Problem to solve:
For this exercise, copy all the data exactly and include none of the pictures.

** Opening Entries provided block **

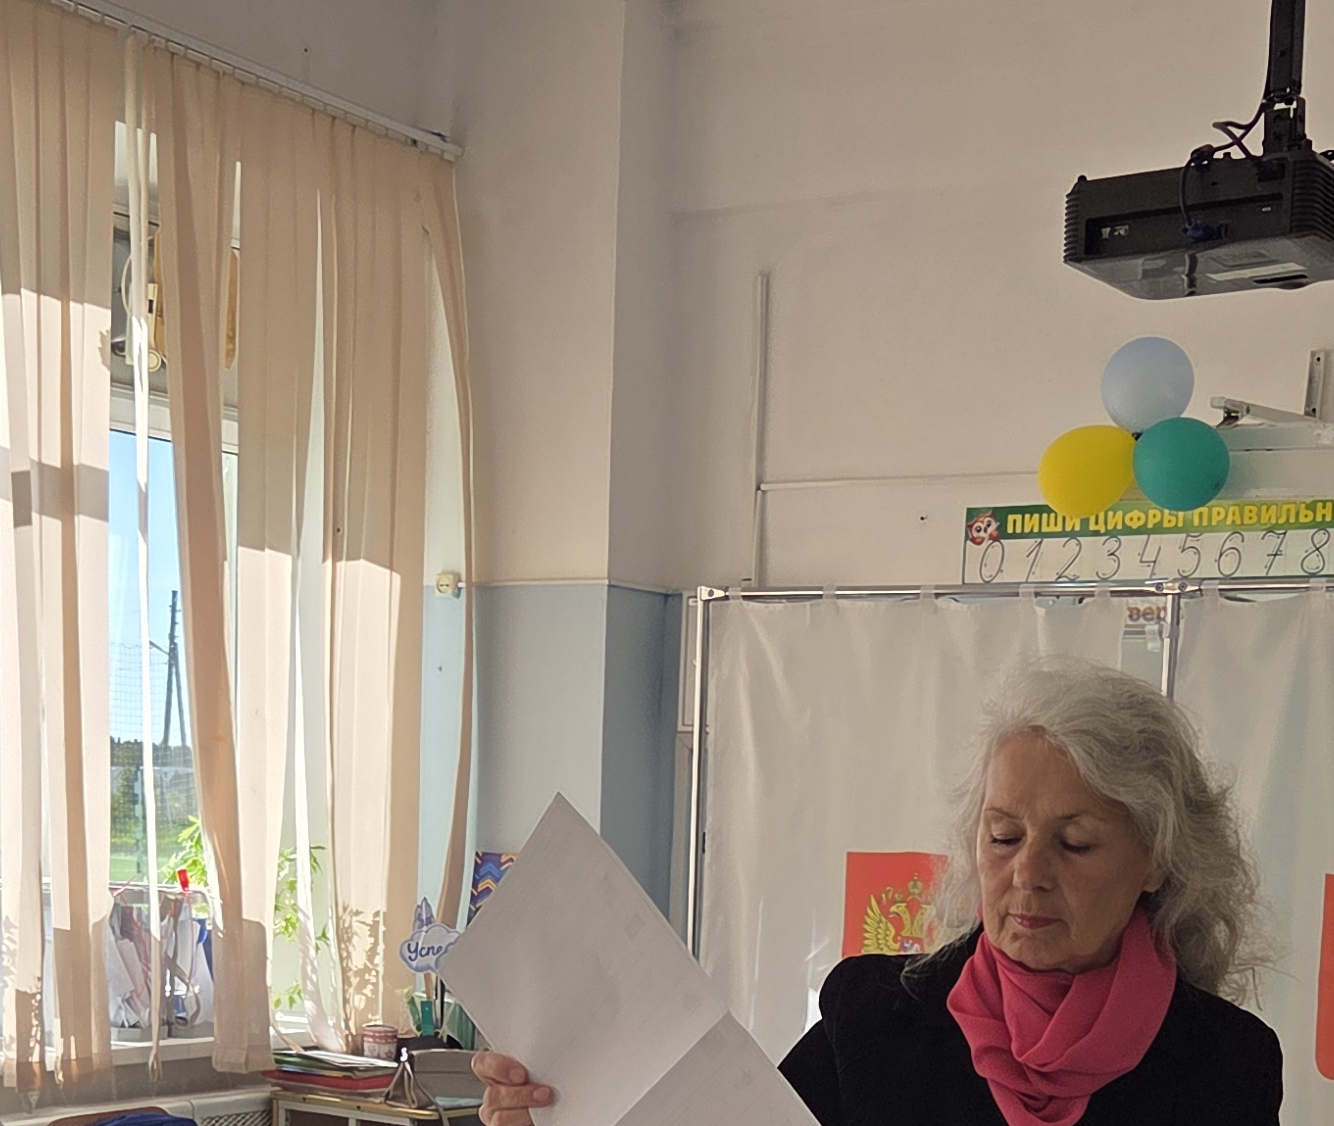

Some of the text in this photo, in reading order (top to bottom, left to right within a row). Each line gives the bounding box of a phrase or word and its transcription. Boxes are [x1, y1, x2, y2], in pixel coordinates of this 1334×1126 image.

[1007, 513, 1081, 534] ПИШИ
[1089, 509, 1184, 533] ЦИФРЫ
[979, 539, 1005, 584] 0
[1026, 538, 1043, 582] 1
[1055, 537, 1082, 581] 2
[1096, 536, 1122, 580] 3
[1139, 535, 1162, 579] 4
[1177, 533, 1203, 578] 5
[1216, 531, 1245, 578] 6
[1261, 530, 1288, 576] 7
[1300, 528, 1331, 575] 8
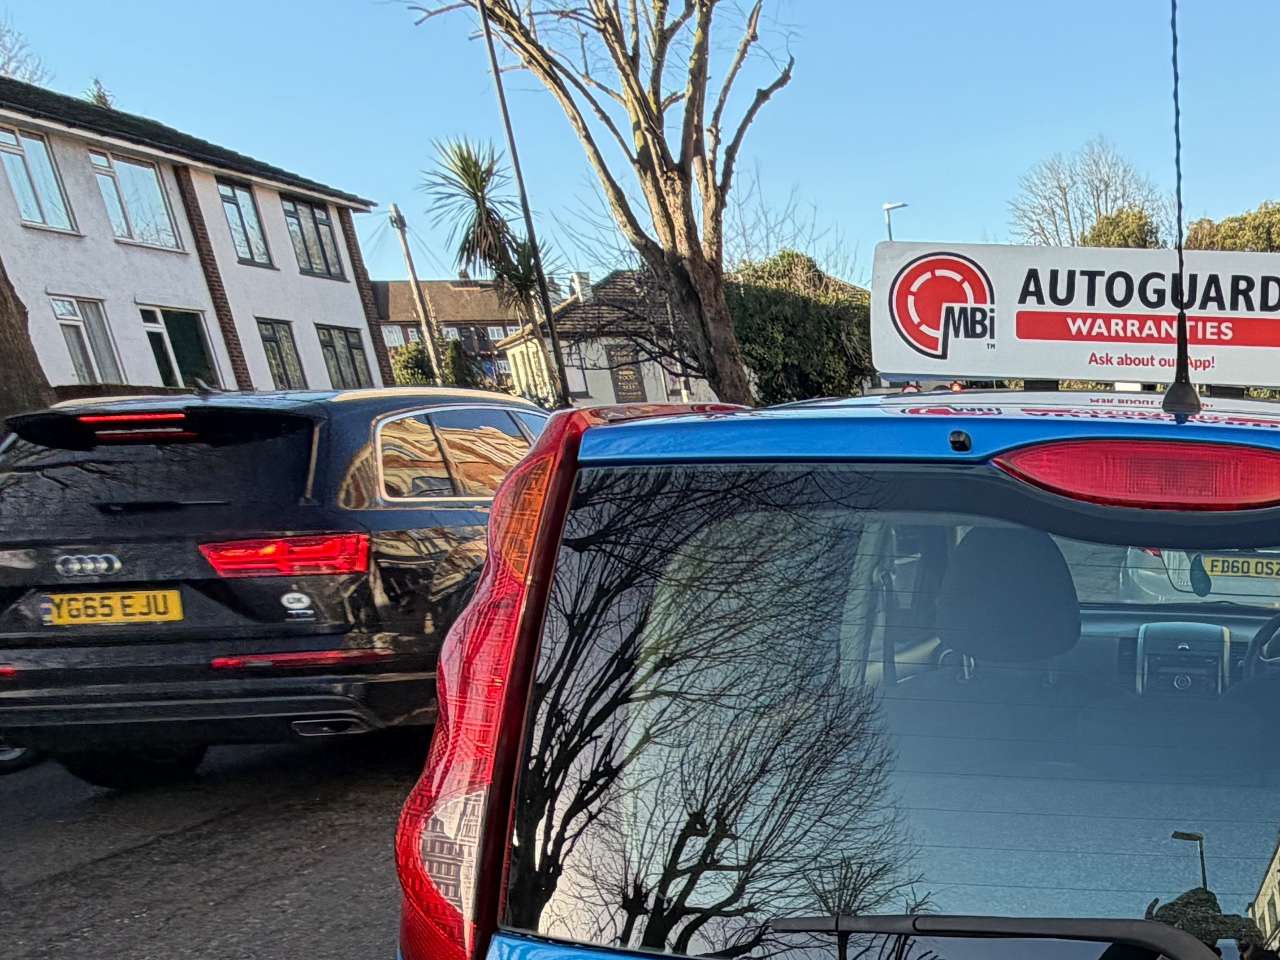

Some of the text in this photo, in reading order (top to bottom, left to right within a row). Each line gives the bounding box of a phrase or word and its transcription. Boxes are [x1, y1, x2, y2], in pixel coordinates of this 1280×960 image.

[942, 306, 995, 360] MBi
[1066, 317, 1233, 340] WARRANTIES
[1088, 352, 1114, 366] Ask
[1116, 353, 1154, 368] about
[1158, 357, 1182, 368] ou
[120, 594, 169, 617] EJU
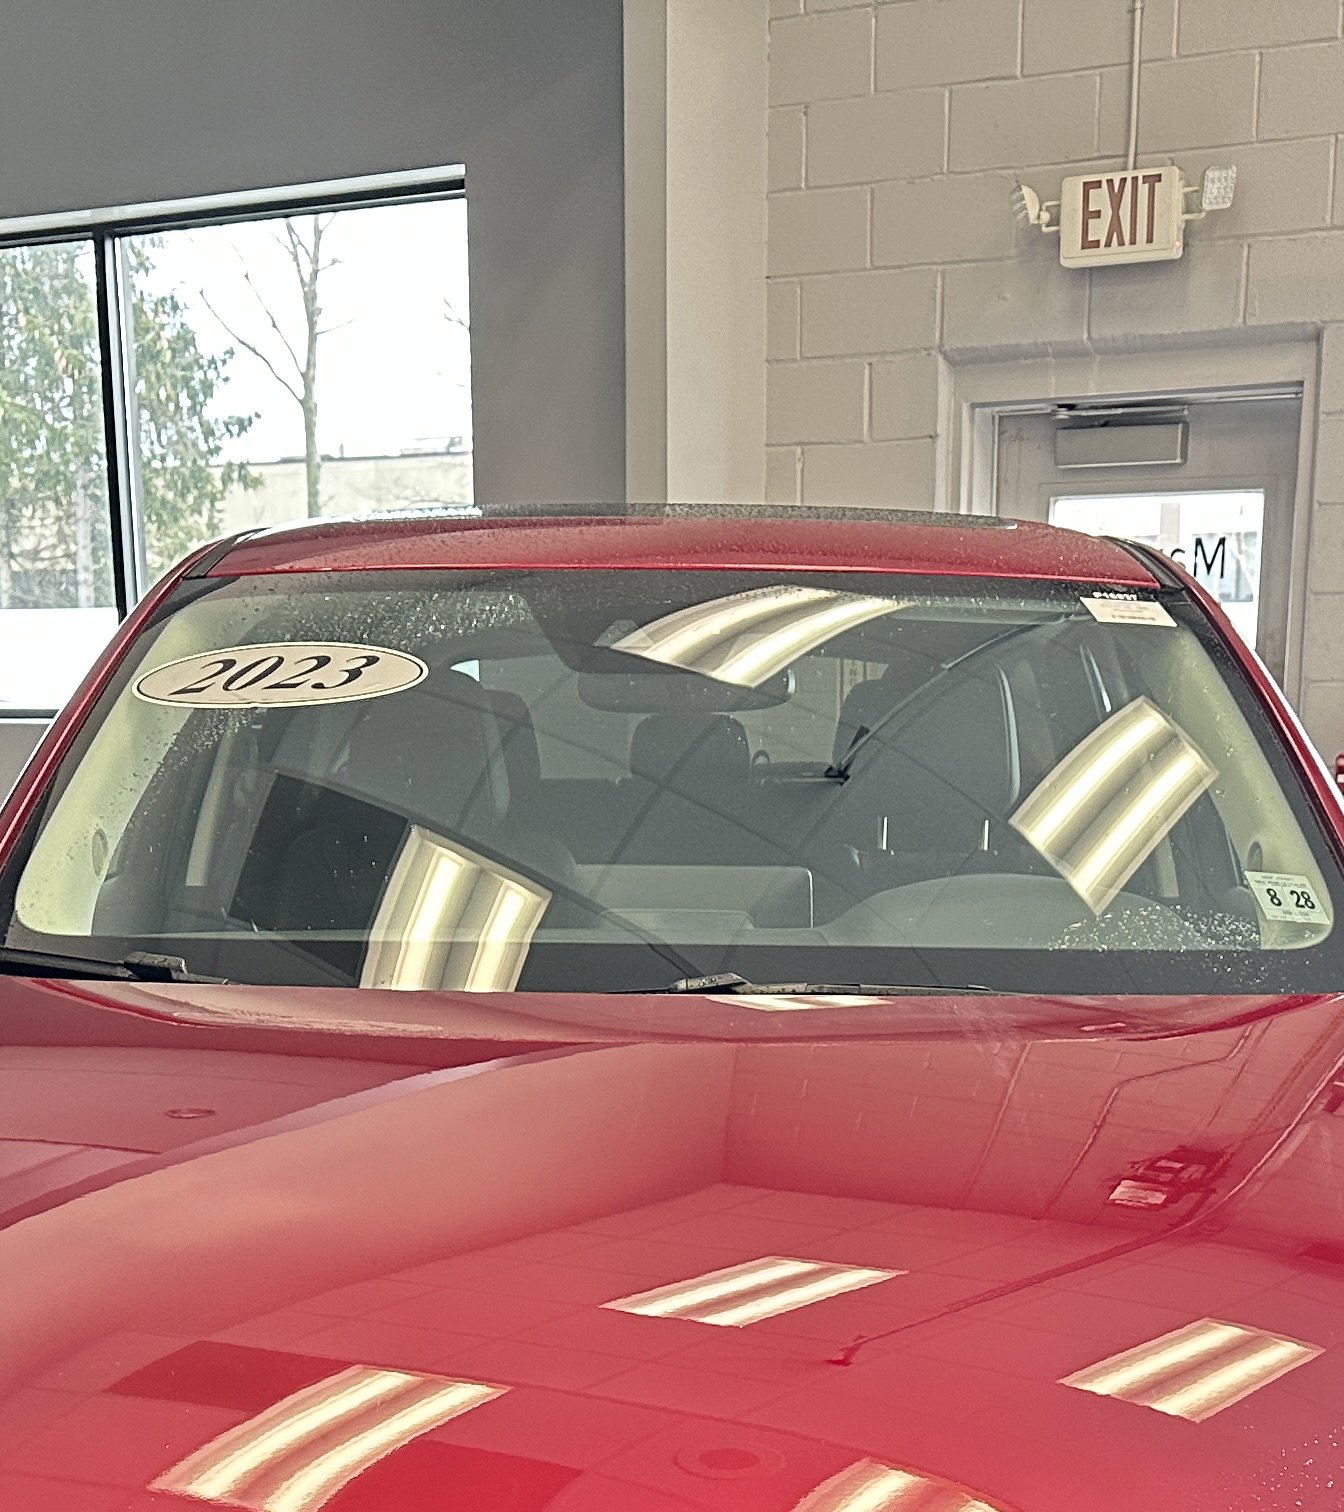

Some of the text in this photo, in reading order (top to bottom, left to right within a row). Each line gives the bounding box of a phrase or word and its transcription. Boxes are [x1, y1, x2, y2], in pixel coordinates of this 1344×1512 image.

** Closing Entries provided block **

Solution for this exercise:
Some of the text in this photo, in reading order (top to bottom, left to right within a row). Each line gives the bounding box of a phrase or word and its transcription. Boxes are [x1, y1, x2, y2], in pixel coordinates of this 1334×1126 image.

[1007, 513, 1081, 534] ПИШИ
[1089, 509, 1184, 533] ЦИФРЫ
[979, 539, 1005, 584] 0
[1026, 538, 1043, 582] 1
[1055, 537, 1082, 581] 2
[1096, 536, 1122, 580] 3
[1139, 535, 1162, 579] 4
[1177, 533, 1203, 578] 5
[1216, 531, 1245, 578] 6
[1261, 530, 1288, 576] 7
[1300, 528, 1331, 575] 8

Some of the text in this photo, in reading order (top to bottom, left to right within a row). Each line gives the bounding box of a phrase or word and its transcription. Boxes are [x1, y1, x2, y2], in pixel coordinates of this 1280×960 image.

[942, 306, 995, 360] MBi
[1066, 317, 1233, 340] WARRANTIES
[1088, 352, 1114, 366] Ask
[1116, 353, 1154, 368] about
[1158, 357, 1182, 368] ou
[120, 594, 169, 617] EJU

Some of the text in this photo, in reading order (top to bottom, left to right within a row). Each line gives the bounding box of a phrase or word and its transcription. Boxes are [x1, y1, x2, y2], in pixel coordinates of this 1344×1512 image.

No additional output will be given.